Ich lasse ihren Kiefer los. Nicht, dass ich zu den blauen Flecken noch weitere hinzufüge, und verdrehe übertrieben die Augen. „Hör auf, da etwas hineinzulesen, Vanille. Wenn ich das, was mir gehört, nicht beschützen kann, wie soll ich da erwarten, dass mich irgendjemand ernst nimmt. Ich muss auf meinen Ruf achten.“
Emilio öffnet seinen Mund, um etwas zu sagen, doch ich werfe ihm einen mörderischen Blick zu und er hält die Klappe.
Allies Brauen ziehen sich zusammen, als sie mit einem Seufzen über meine Worte nachdenkt. „Ich kann das selbst regeln.“
„Genau. Weil du das bis jetzt so gut geschafft hast.“
„Können wir das Thema endlich fallen lassen?“
Wir schütteln alle drei den Kopf.
„Wir werden es so oder so herausfinden. Warum bist du so scharf darauf, das allein hinzukriegen?“, hakt Dominique nach.
„Weil ich es kann. Es ist ein Zickenkrieg. Ihr übertreibt hier völlig.
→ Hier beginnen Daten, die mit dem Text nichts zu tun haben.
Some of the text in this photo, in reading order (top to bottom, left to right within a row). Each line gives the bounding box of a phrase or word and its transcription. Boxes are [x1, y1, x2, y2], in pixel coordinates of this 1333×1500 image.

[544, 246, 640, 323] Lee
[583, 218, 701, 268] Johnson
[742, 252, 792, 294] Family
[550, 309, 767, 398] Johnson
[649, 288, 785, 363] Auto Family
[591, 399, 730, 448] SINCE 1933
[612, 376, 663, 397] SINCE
Nur weil drei Mädchen beschlossen haben ...“
„Drei?“, fragt Emilio, und Allies Augen weiten sich, als sie ihren Fehler bemerkt. „Namen, Alejandra?“, drängt er.
„Ich weiß nicht mal die Namen von allen“, murmelt sie und verschränkt die Arme vor der Brust wie ein trotziges Kind, das seinen Willen nicht durchsetzen kann.
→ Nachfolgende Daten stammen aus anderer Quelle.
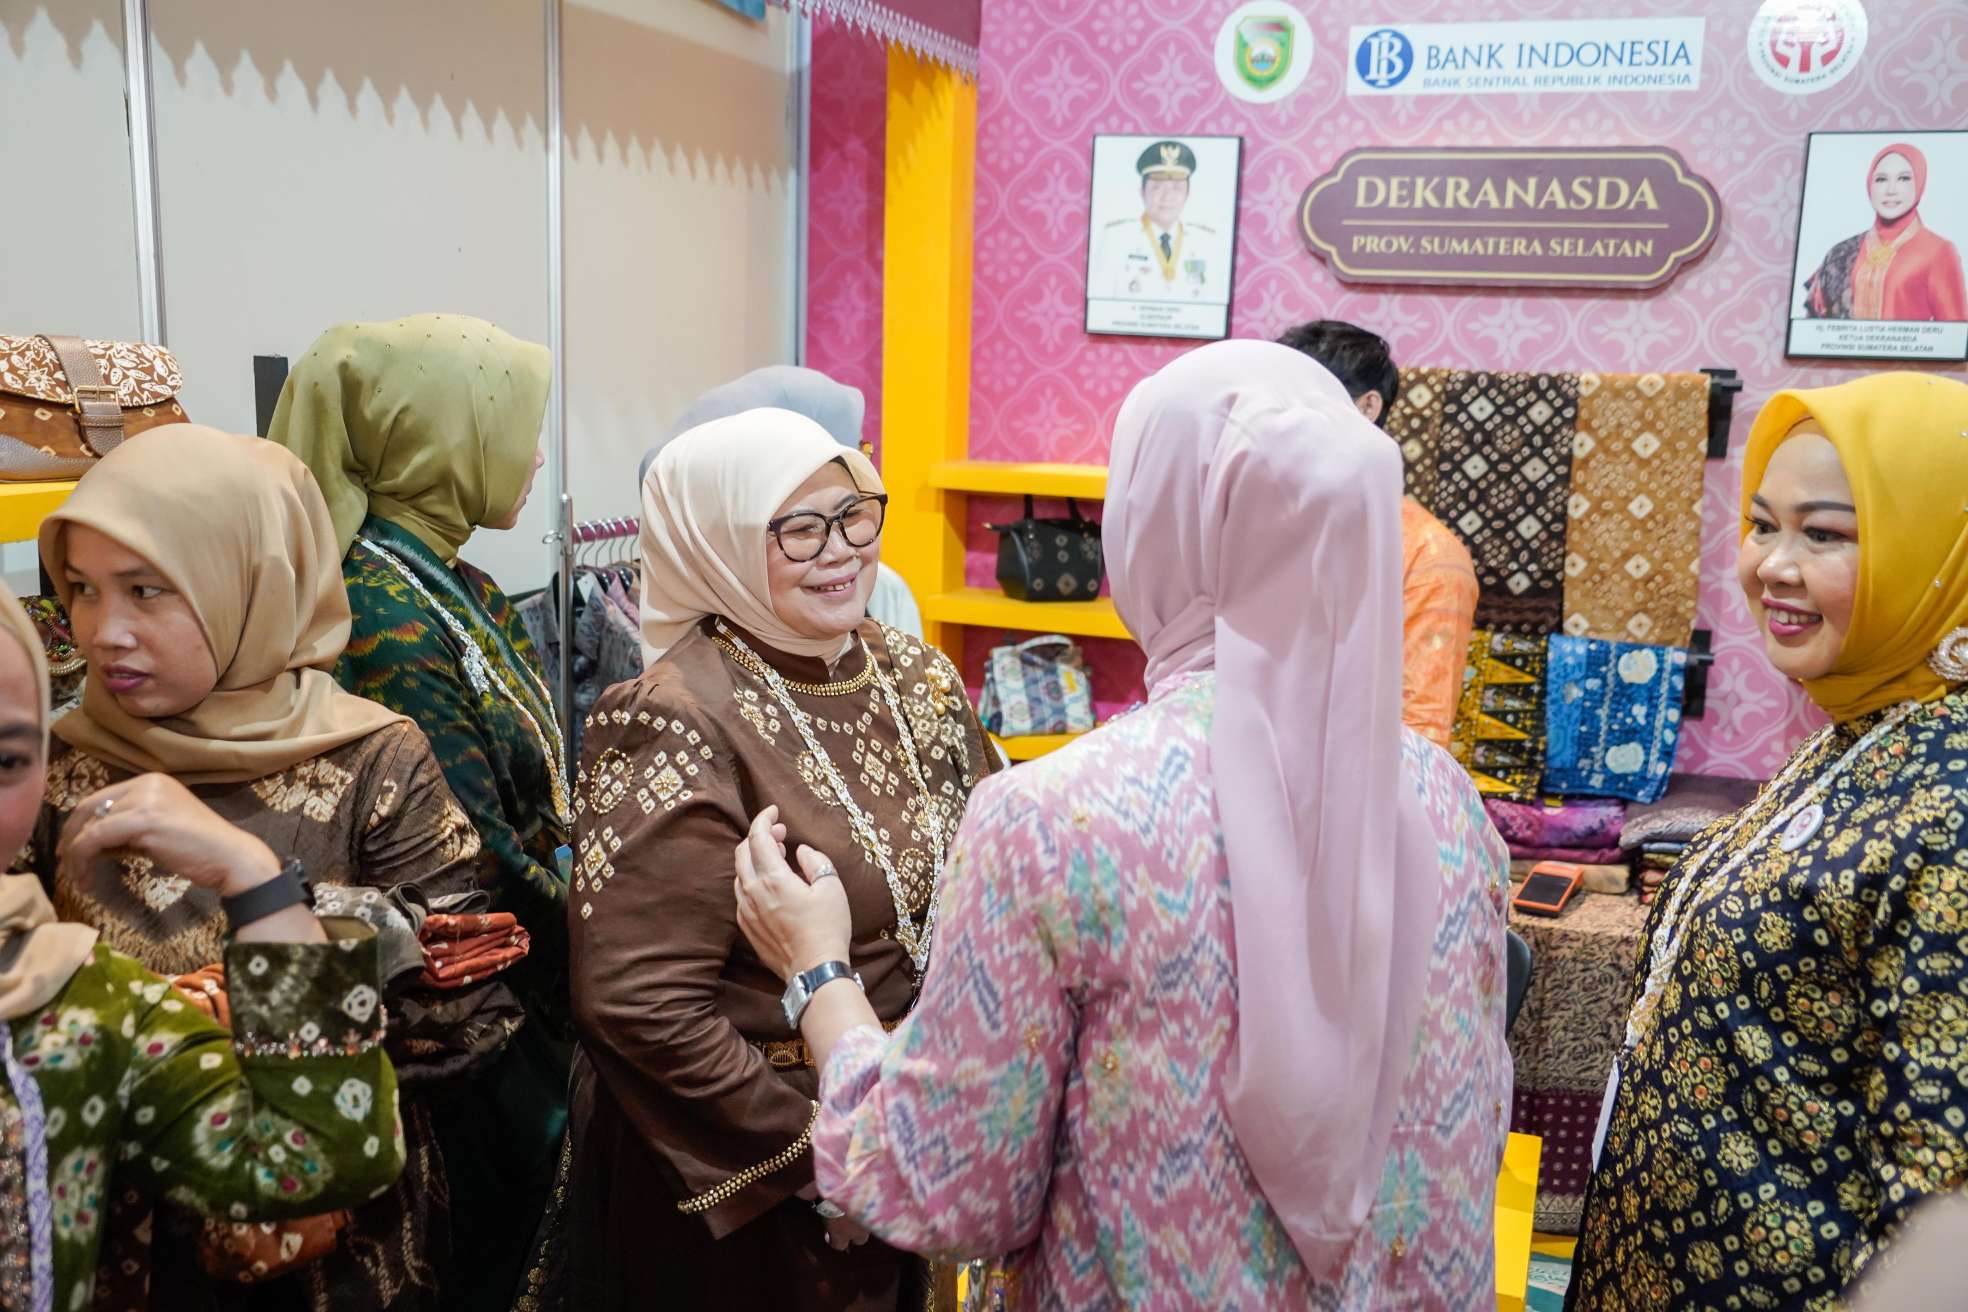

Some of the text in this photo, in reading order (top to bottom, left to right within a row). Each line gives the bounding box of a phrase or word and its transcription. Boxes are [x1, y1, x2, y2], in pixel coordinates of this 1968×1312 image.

„Mag sein, aber du kennst wenigstens einen, oder?“
Sie funkelt mich wütend an, und ich grinse.
„Schon möglich.“
Ich wende mich an Emilio und Dom. „Könnt ihr uns eine Minute allein lassen?“ Sie nicken und gehen nach drinnen. Sobald sie weg sind, drehe ich Allie zu mir und ziehe sie an mich heran, bis ihre Brust gegen meine Seite gedrückt ist. Ich streiche mit dem Daumen über ihren Kiefer, bevor ich mit ihm über ihre Unterlippe fahre. „Wer hat das getan?“
Ihre Augen bitten mich, damit aufzuhören, also ändere ich meine Taktik und drücke meine Lippen auf ihre. Sie küsst mich sofort zurück, während ich sie auf meinen Schoß ziehe und ihre Beine nun um meine Taille geschlungen sind. Sie wiegt sich gegen mich und ich bin sofort hart in meiner Jeans. Ich küsse sie gierig und trinke dabei ihr leises Stöhnen auf. Als ich schließlich den Kuss beende, lehne ich meine Stirn an ihre, wir beide atmen schwer und ihre kleinen Hände sind in den Stoff meines Shirts gekrallt. „Wer?“, versuche ich wieder, küsse sie erneut und ziehe mich dann zurück. „Erzähl es mir, Allie.“
Sie stöhnt, versucht, mich weiter zu küssen, doch ich weigere mich und küsse mich stattdessen seitlich an ihrem Hals entlang. „Allie?“ Ich streife ihre Haut mit den Zähnen und sie erschauert in meinen Armen. „Komm schon, Baby. Sag mir, wer das getan hat, und ich helfe dir, alles zu vergessen.“
„Silvia“, sagt sie.
Ich lächele triumphierend, bevor ich nach ihrem Arsch greife. Ich stehe auf, schlinge ihre Beine um meine Taille, während ich zur Tür gehe und den Türöffner des Garagentors bediene, um uns wenigstens ein bisschen Privatsphäre zu gönnen. Wenn Dom und Emilio hören, dass sich das Tor schließt, werden sie schon wissen, was wir tun, und aufpassen, dass uns niemand stört.